Indonesia’s Energy and Mineral Resources Minister Ignasius Jonan said he has signed a new regulation on restricting ore exports, according to a voice recording verified by a ministry spokesman.
Jonan, speaking to journalists in Yogyakarta, said nickel ore exports will be allowed until end-December.
The ban will be expedited from a previous January 2022 date “according to the President’s direction,” Jonan said in the recording.
Indonesian President Joko Widodo in a speech to the parliament earlier this month vowed that the government will push for more onshore processing for its natural resources to increase their value before exporting.
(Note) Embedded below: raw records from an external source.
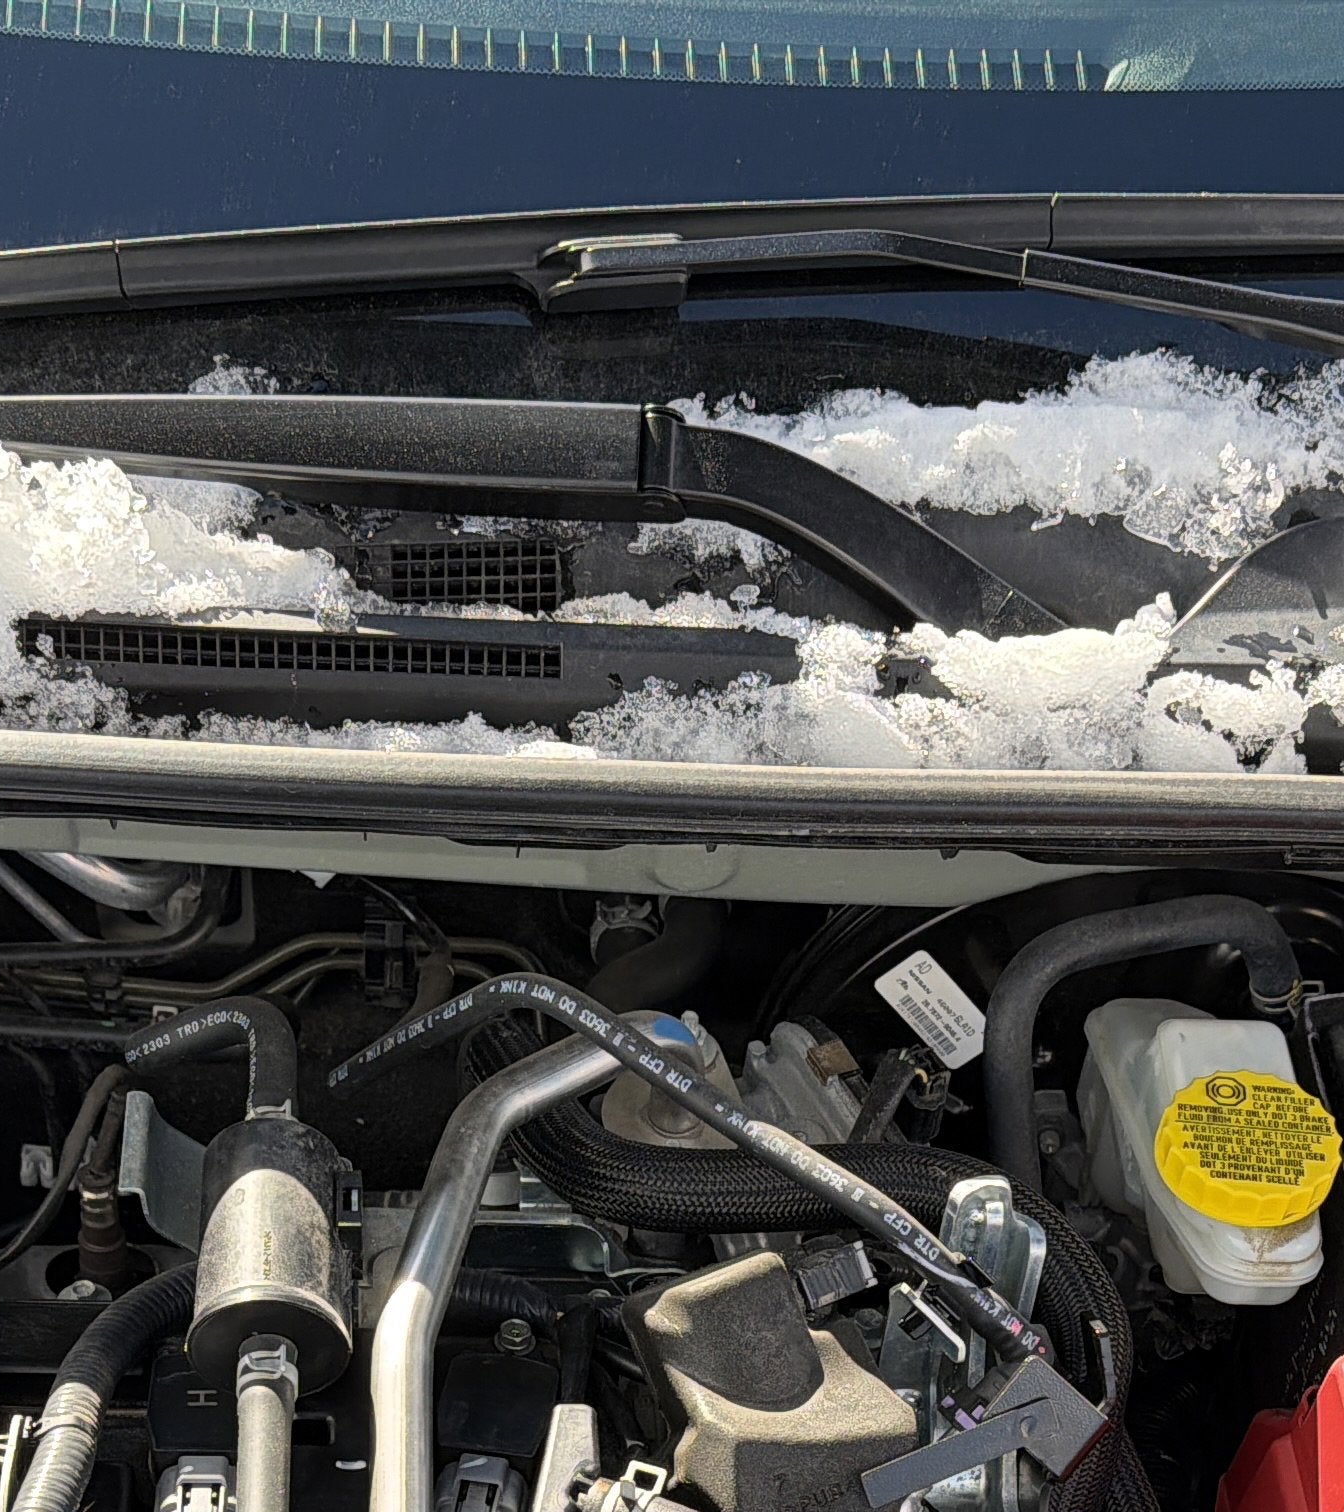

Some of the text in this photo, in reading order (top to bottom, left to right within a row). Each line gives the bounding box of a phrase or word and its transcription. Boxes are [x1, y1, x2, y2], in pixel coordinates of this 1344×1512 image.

[915, 961, 932, 975] AD
[664, 1067, 693, 1094] DTR
[1253, 1102, 1310, 1114] CAP BEFORE
[1285, 1097, 1315, 1106] FILLER
[1178, 1113, 1203, 1121] FLUID
[1207, 1114, 1231, 1124] FROM
[1244, 1118, 1279, 1128] SEALED
[1228, 1108, 1244, 1117] USE
[1246, 1110, 1268, 1118] ONLY
[1272, 1112, 1288, 1120] DOT
[1300, 1115, 1329, 1124] BRAKE
[1183, 1141, 1215, 1151] AVANT
[1218, 1144, 1228, 1152] DE
[1194, 1134, 1312, 1151] BOUCHON DE REMPLISSAGE
[1200, 1160, 1216, 1168] DOT
[1228, 1163, 1281, 1174] PROVENANT
[1256, 1156, 1267, 1164] DU
[1270, 1157, 1304, 1168] LIQUIDE
[1210, 1170, 1263, 1182] CONTENANT
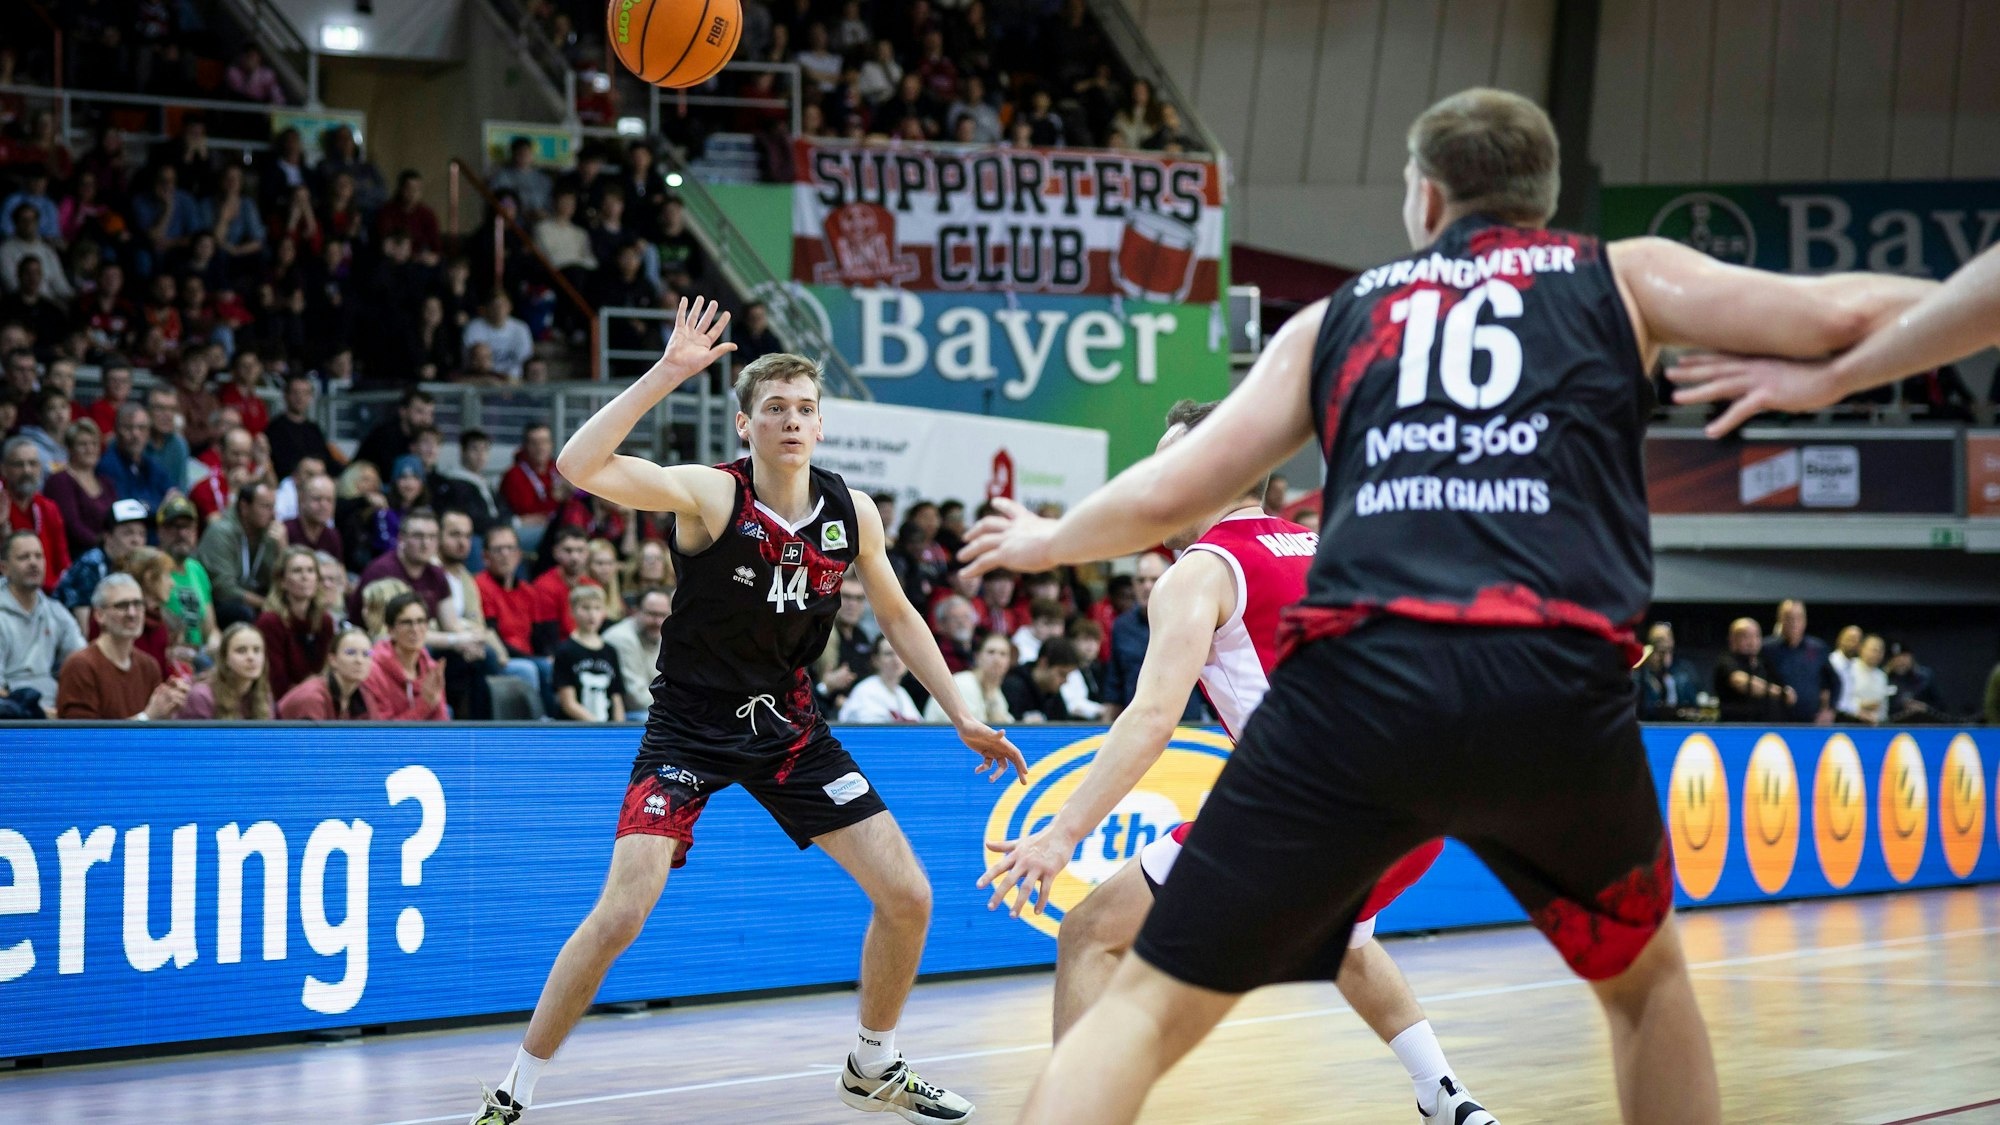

Further details of the new rules will be provided next week, ministry spokesman Agung Pribadi said.
Indonesia banned ore exports in 2014 but reopened them for certain minerals in 2017 to give miners time to build smelters to process minerals such as nickel, bauxite and copper.
Indonesia now allows miners to export low-grade nickel only.
Talk of the ban has sent prices of nickel soaring on the Shanghai and London markets.
The Indonesian nickel miners association has said banning exports earlier than expected would stall financing for their smelters, which comes from exports revenue.
The country, as of July, has 13 operating smelters with nearly 25 million tonnes input capacity, mostly producing nickel pig iron and ferronickel, government data shows.
The ministry this week also issued rules laying down penalties for companies which fail to build smelters according to the development plan presented to government.